● **PROBLEM REQUIREMENTS**
The reply is to be an exact repetition of the entries that follow, with each picture left out.

● **DATASET RECORDS**
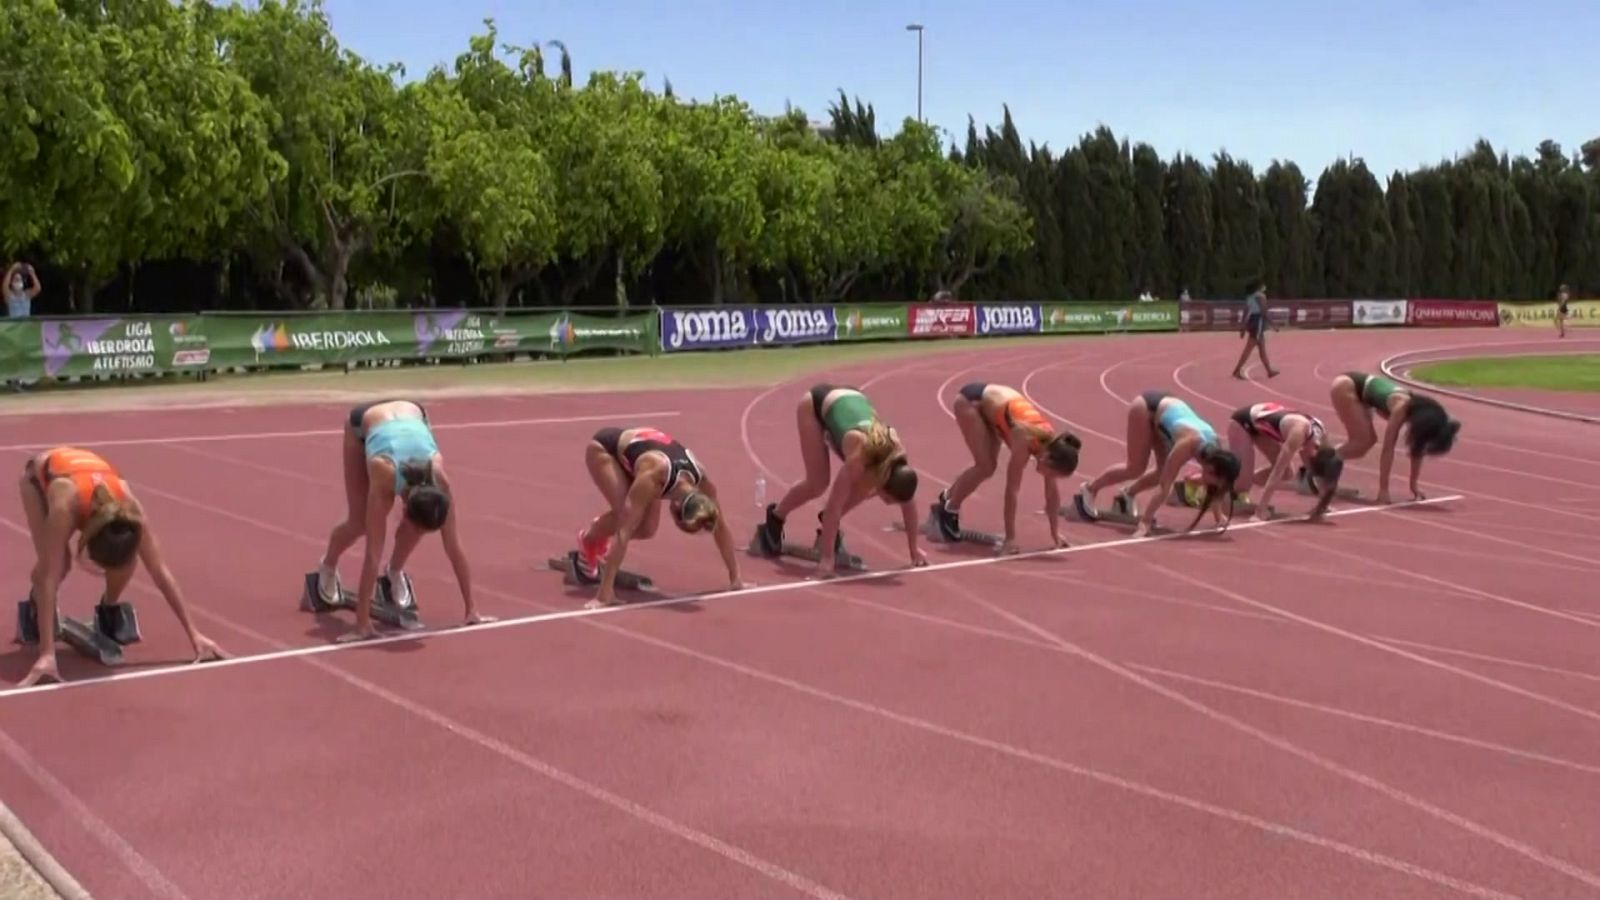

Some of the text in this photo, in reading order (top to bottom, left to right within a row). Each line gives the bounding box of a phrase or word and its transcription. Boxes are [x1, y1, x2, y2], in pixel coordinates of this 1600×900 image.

[125, 321, 152, 337] LIGA
[87, 338, 155, 354] IBERDROLA
[291, 328, 391, 350] IBERDROLA
[93, 354, 154, 370] ATLETISMO
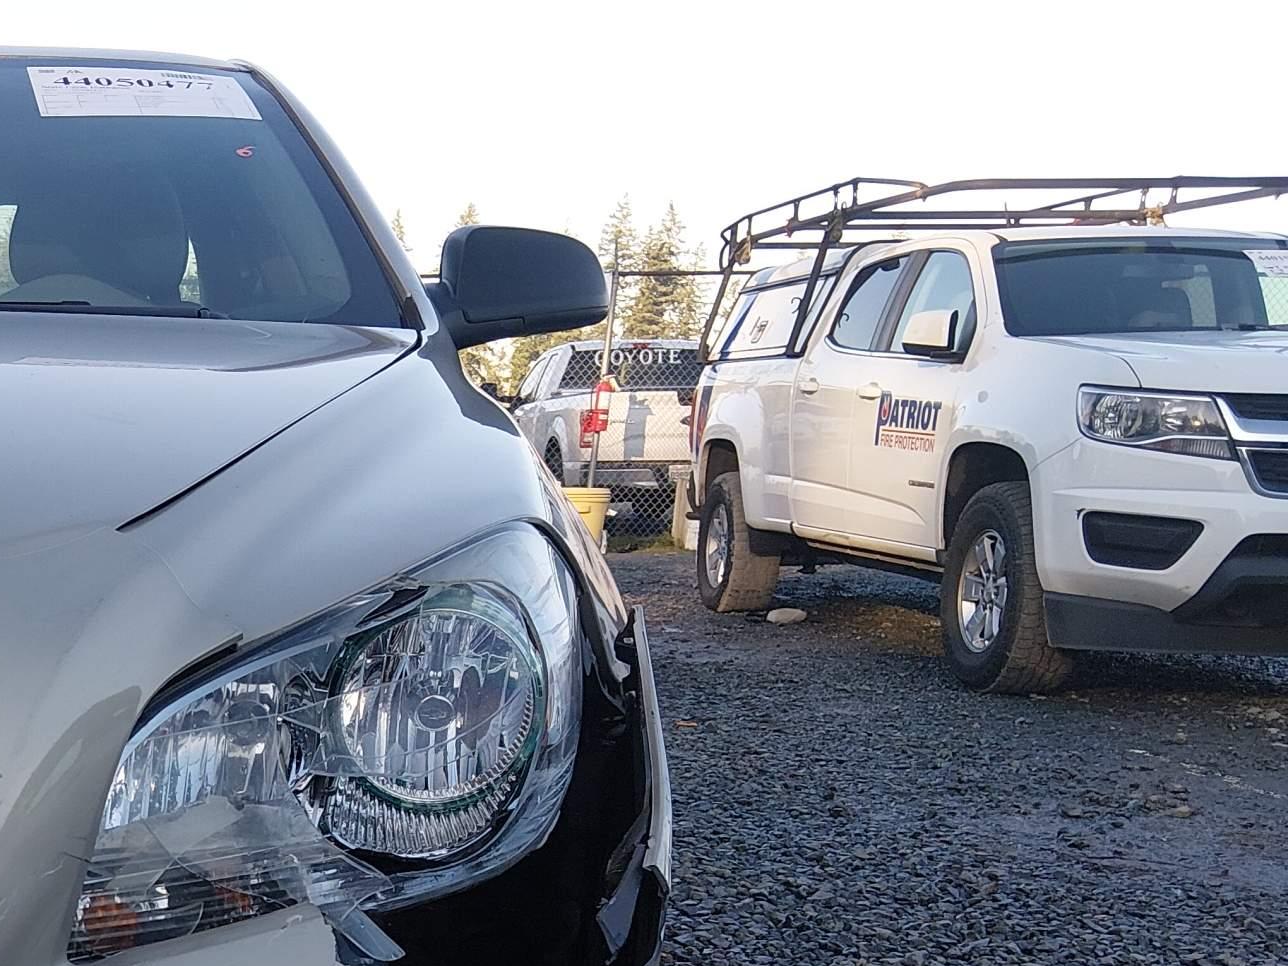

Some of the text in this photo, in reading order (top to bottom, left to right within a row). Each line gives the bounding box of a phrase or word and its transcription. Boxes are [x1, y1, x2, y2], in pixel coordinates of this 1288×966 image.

● **RESPONSE TO THIS EXERCISE**
Some of the text in this photo, in reading order (top to bottom, left to right within a row). Each line gives the bounding box of a phrase or word and its transcription. Boxes are [x1, y1, x2, y2], in pixel coordinates of this 1600×900 image.

[125, 321, 152, 337] LIGA
[87, 338, 155, 354] IBERDROLA
[291, 328, 391, 350] IBERDROLA
[93, 354, 154, 370] ATLETISMO

Some of the text in this photo, in reading order (top to bottom, left to right within a row). Each line gives the bounding box of a phrase or word and its transcription. Boxes are [x1, y1, x2, y2], in pixel coordinates of this 1288×966 image.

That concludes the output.